Thibs leaning on Deng even more now

Luol Deng is averaging a career-high 40.8 minutes a game this season. AP Photo/Nam Y. Huh

BEVERLY HILLS, Mich. -- Without Derrick Rose and now Richard Hamilton, Tom Thibodeau is relying on Luol Deng more than ever and that's saying something considering how much he has leaned on Deng over the past two seasons.

Deng goes into Friday's game averaging 18.2 points and 7.4 rebounds a game in a career-high 40.8 minutes a night. He's averaging 21.3 points on 51.3 percent shooting in three December games. Even more impressive about Deng's performance this season is that he's become the primary scoring option on a team without Rose and Hamilton.

If he keeps the pace, Deng has a chance at a second straight All-Star nod, a feat that wouldn't surprise Thibodeau.

"Lu has hit a lot of big shots over the last two years prior to this season so this isn't something new," Thibodeau said Friday. "He's carrying a little bit more of a load now, but Lu gives you whatever you need. If you need more scoring he can do that, if you need more defense he can do that, if you need ball movement he does that, movement without the ball he does that, so whatever you need he's going to provide.
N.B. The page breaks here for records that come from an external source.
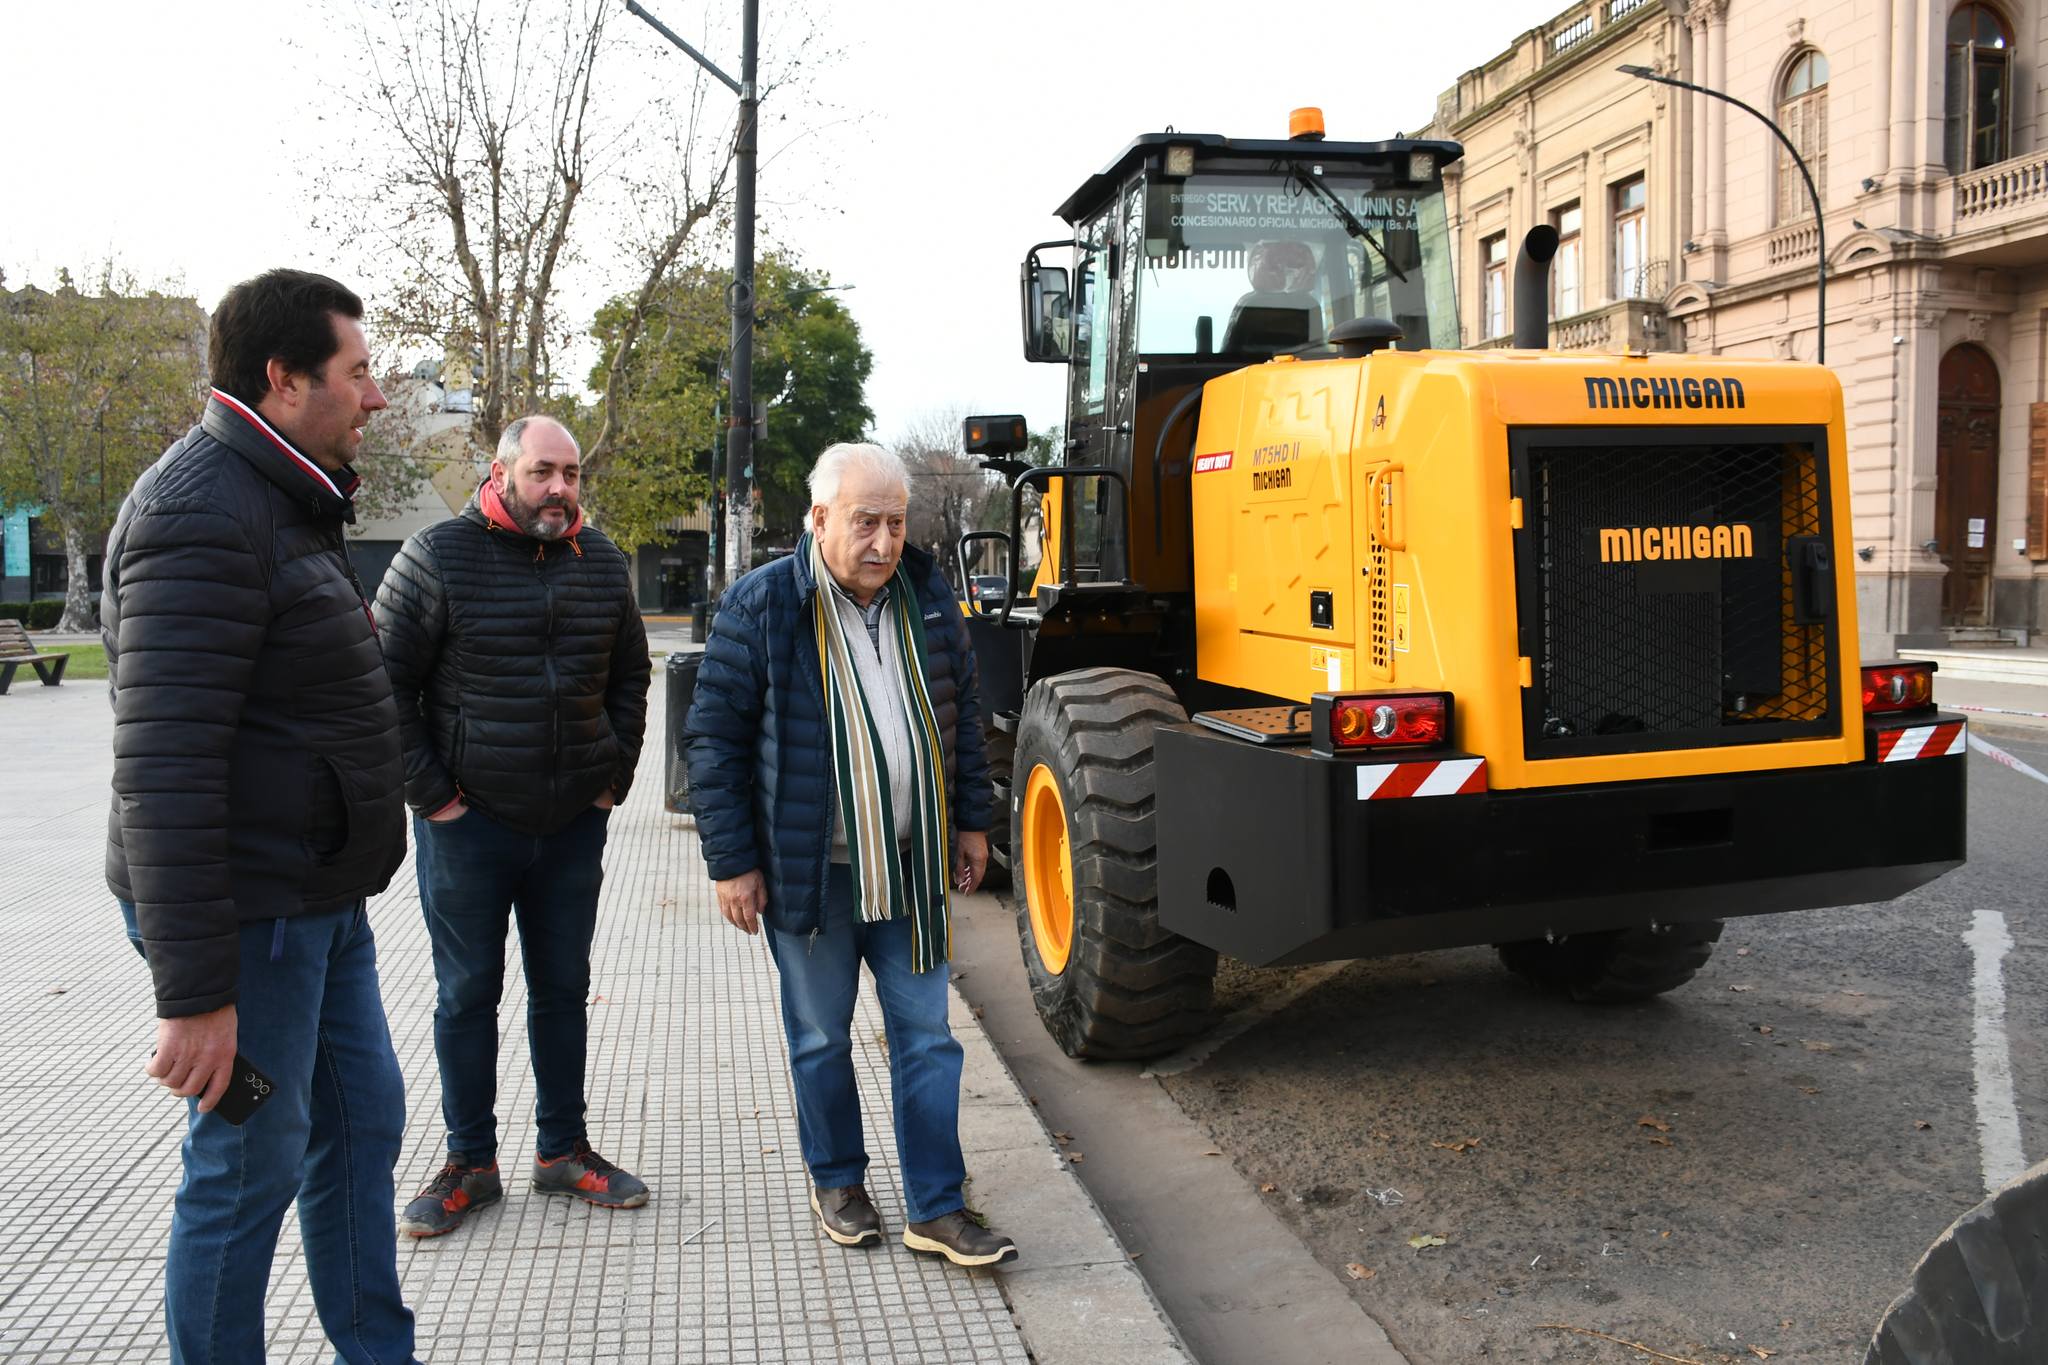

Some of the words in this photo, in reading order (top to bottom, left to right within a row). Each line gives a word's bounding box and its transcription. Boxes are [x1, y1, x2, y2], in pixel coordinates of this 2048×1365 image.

[1207, 193, 1250, 213] SERV.
[1254, 195, 1264, 213] Y
[1267, 195, 1300, 215] REP.
[1350, 197, 1392, 216] JUNIN
[1171, 215, 1257, 228] CONCESIONARIO
[1260, 217, 1297, 229] OFICIAL
[1584, 377, 1745, 409] MICHIGAN
[1196, 457, 1216, 472] HEAVY
[1214, 454, 1232, 469] DUTY
[1253, 443, 1289, 466] M75HD
[1253, 468, 1291, 492] MICHIGAN
[1600, 524, 1752, 562] MICHIGAN
"He's a great leader, and he does it consistently every day. He practices hard, he prepares himself well, he takes care of his body, he comes ready, he sets the tone for the team."

As well as Deng and center Joakim Noah have played this season, their teammates have struggled to follow their lead every night.

"We've been trying to do that all year, it takes time," Deng recently said of playing with consistency. "I think we're getting there. The game (Tuesday) night I thought we played great, not towards the end -- we could have made better plays -- but it takes a while. Hopefully we'll get there. We keep striving for it; when you lose it's hard to really see the good stuff you're doing, now when you win it's easier to recognize it."

But with the Bulls struggling to put points on the board, Thibodeau hopes the new parts will begin following Deng's direction even more. The Bulls are averaging just 93 points a game.

"We want to play with more pace," Deng said. "But I think for us the big thing is to strike that balance of fast break, secondary offense, and then your halfcourt sets and then play to your strengths, so we want to have that balance. I think you need to be strong in each of those areas to be efficient offensively so we have a lot of work to do. We want to continue to improve. The big thing is getting the turnovers down and sustaining our spacing."

Deng is convinced that the rest of his teammates, such as veteran Kirk Hinrich, will play better as they get more comfortable in Thibodeau's offense.

"All these guys are going to get better," Deng said. "It's new, they're new to the system, and we still got a lot of games. As long as guys keep getting better that's what it's really about, when the time is (bigger) and we need them."

The last word: "Sometimes it's just circumstance and for years (the Pistons) were dominant. They've sort of gone through a rebuilding phase. They've got some nice young pieces that are coming along well, and they're playing very well at home right now so we have to be ready." -- Thibodeau, on whether a team can get into another team's head over time. The Bulls come into Friday's game with 15 straight wins over the Pistons.